Detailed Description
The technical solution of the present invention is further described below by way of specific embodiments. It should be understood by those skilled in the art that the examples are only for the understanding of the present invention and should not be construed as the specific limitations of the present invention.
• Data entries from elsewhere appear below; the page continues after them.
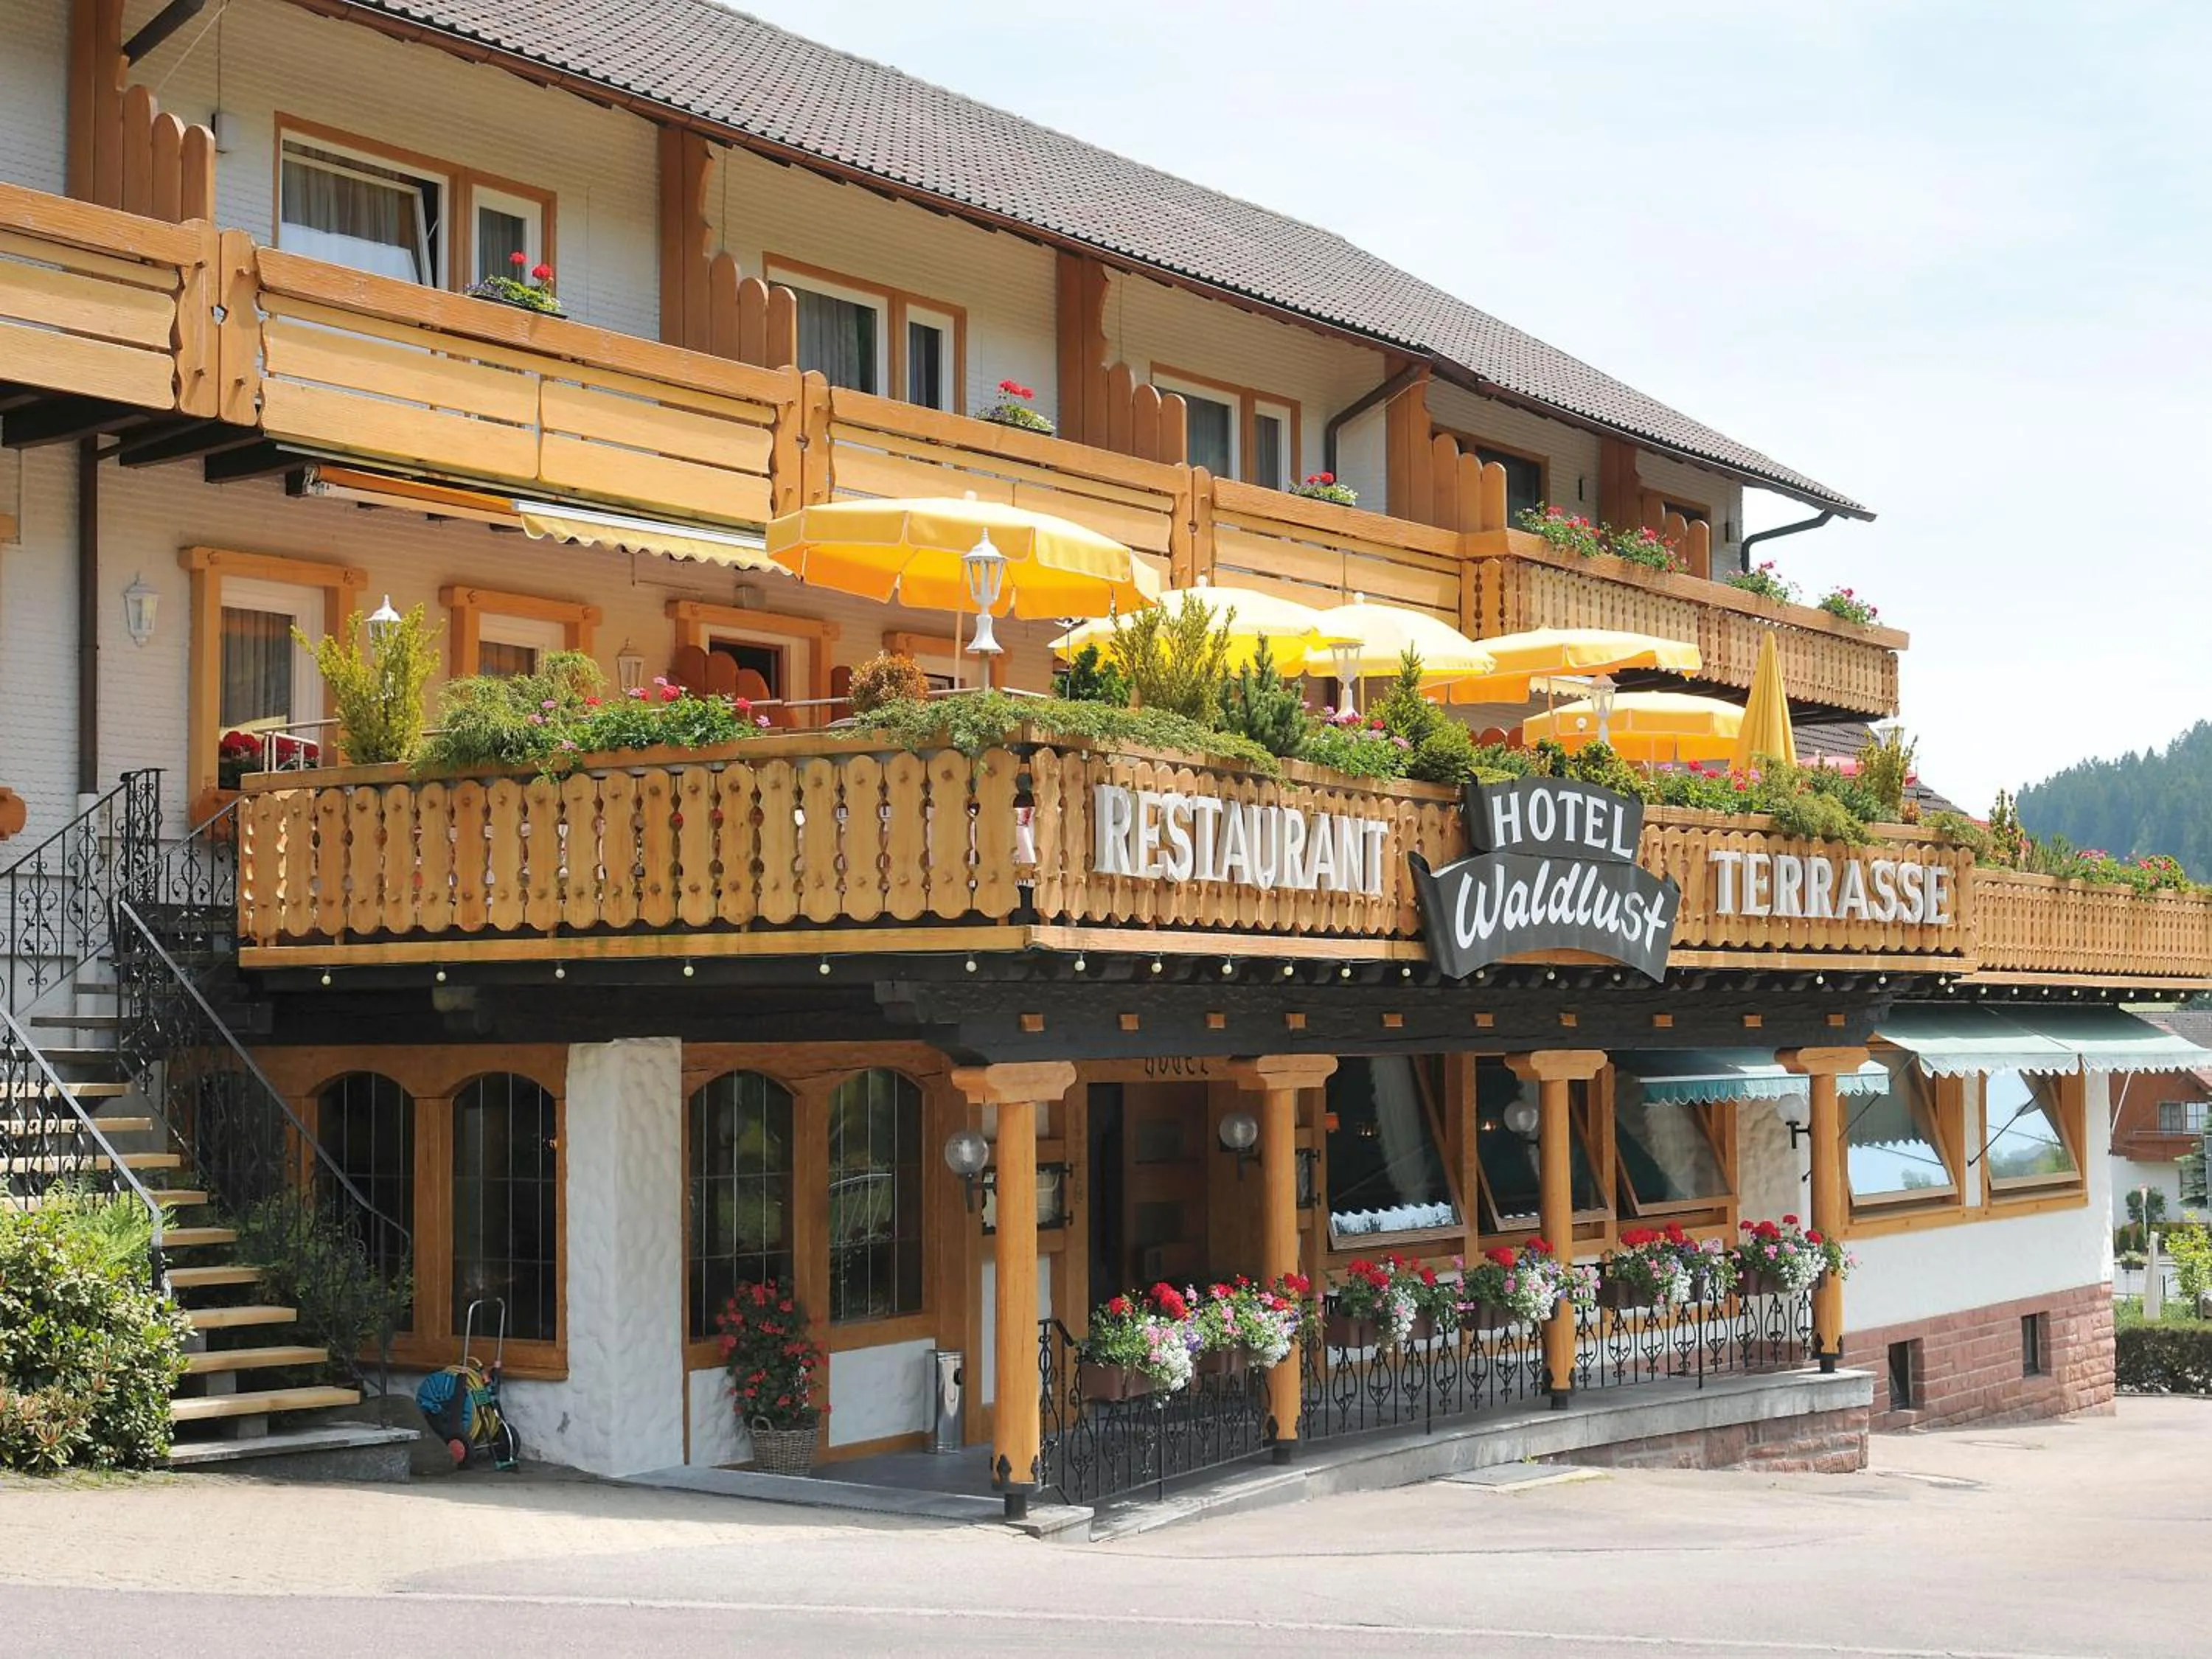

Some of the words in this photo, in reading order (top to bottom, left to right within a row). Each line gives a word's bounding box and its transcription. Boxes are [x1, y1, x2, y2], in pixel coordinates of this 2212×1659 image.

[1093, 784, 1388, 897] RESTAURANT
[1492, 787, 1633, 859] HOTEL
[1455, 860, 1668, 953] Waldlust
[1708, 849, 1950, 924] TERRASSE
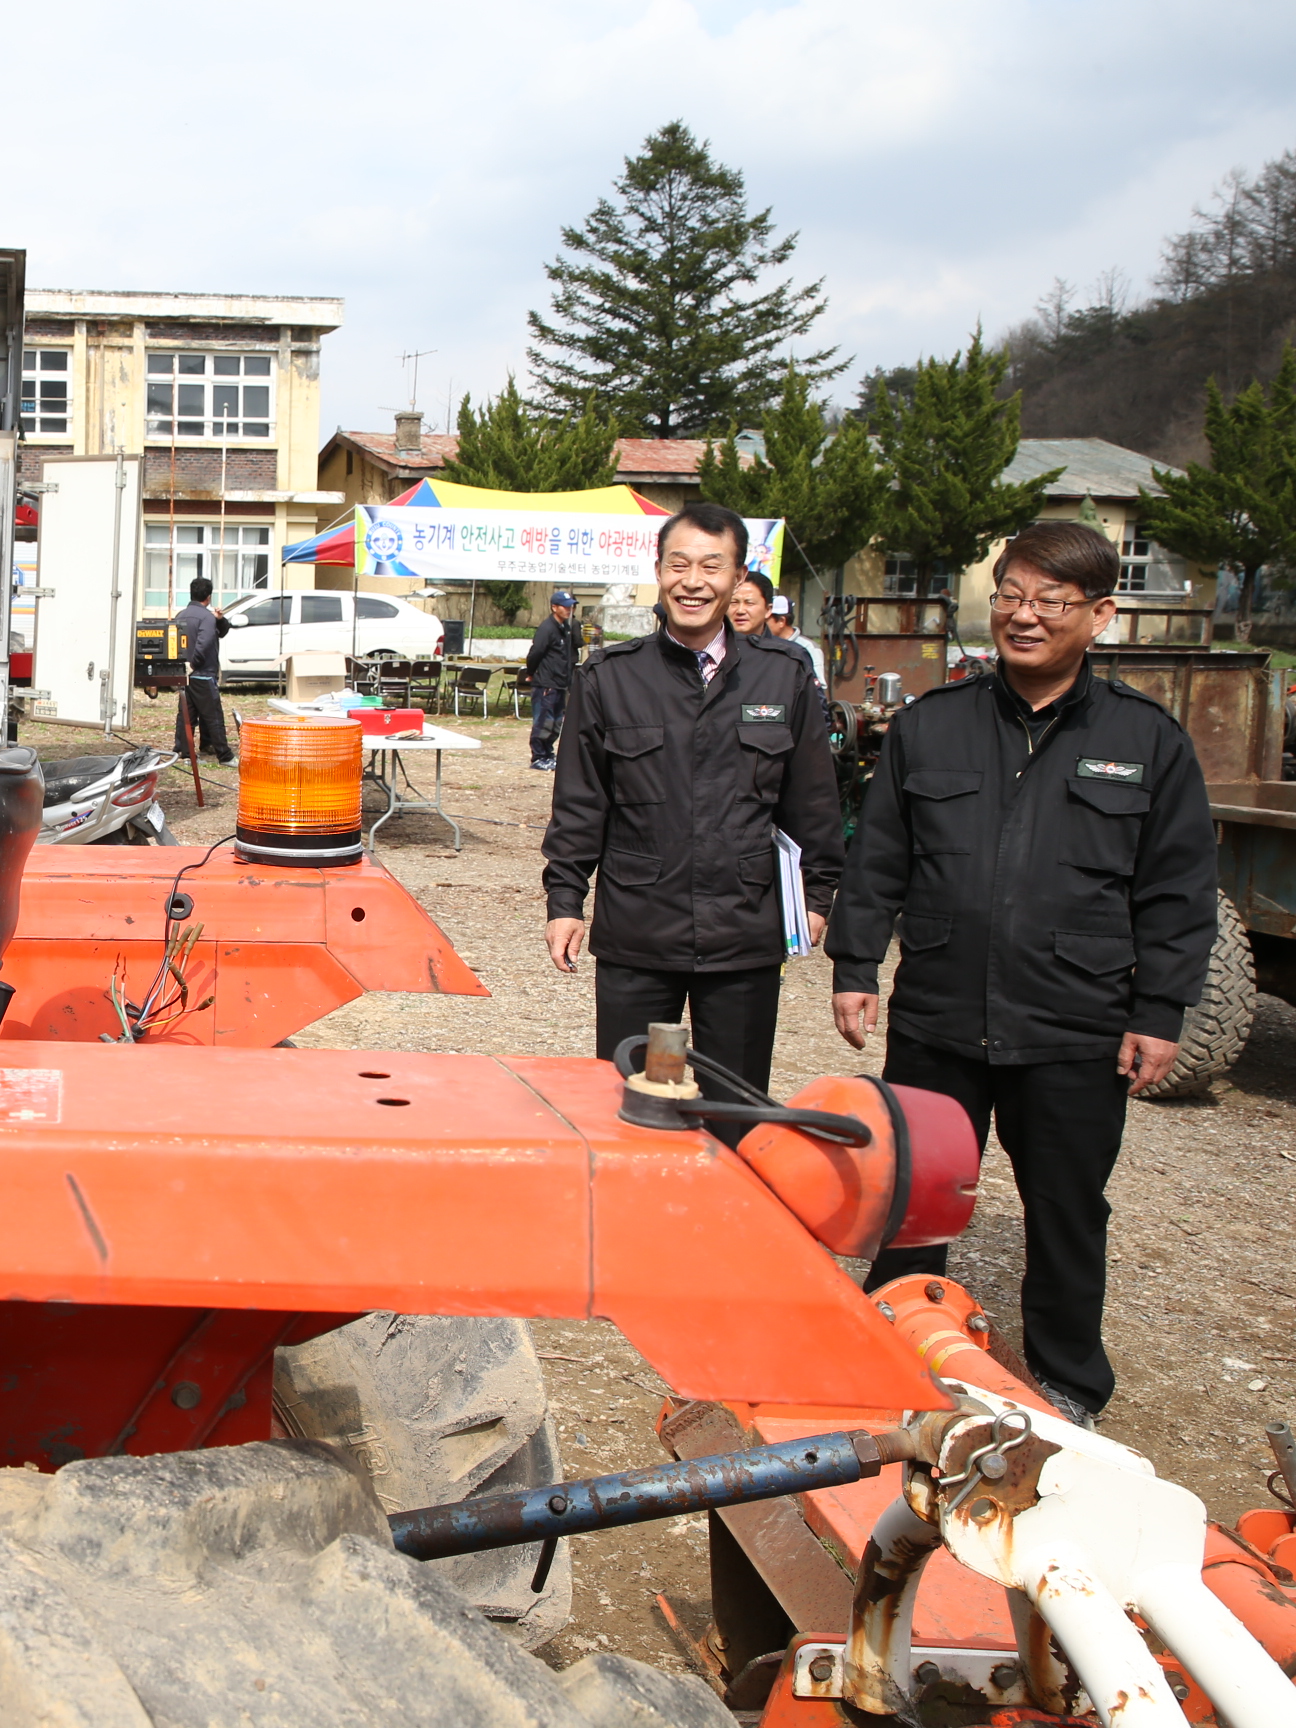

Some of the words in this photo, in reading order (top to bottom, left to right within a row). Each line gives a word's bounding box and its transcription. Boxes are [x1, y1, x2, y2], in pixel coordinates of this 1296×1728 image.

[413, 523, 455, 551] 농기계
[461, 524, 515, 552] 안전사고
[521, 526, 562, 556] 예방을
[567, 528, 594, 556] 위한
[497, 560, 587, 575] 무주군농업기술센터
[591, 563, 640, 576] 농업기계팀
The structural schematic diagram of the all-solid-state battery of the present invention is shown in fig. 1, and includes a first solid-state electrolyte layer 1, an intermediate layer 2, and a second solid-state electrolyte layer 3 stacked in sequence; the structure of the intermediate layer is schematically shown in fig. 2, and the intermediate layer includes solid electrolyte particles 20 and powder M21, wherein the solid electrolyte particles and the nano powder M are stacked one on another, and the particle size of the solid electrolyte particles is micron-sized; the powder M is in a nanometer level, and the following effects can be achieved by adopting the particle size: (1) the nano powder M does not influence the continuous contact among solid electrolyte particles, so that the ionic conduction and the conductivity of the all-solid electrolyte layer are not influenced; (2) the nano powder M is more uniformly distributed, and can be fully contacted with the nano powder M when the lithium dendritic crystal grows to the middle layer, so that the lithium dendritic crystal can be rapidly digested, and the safety of the battery is further improved.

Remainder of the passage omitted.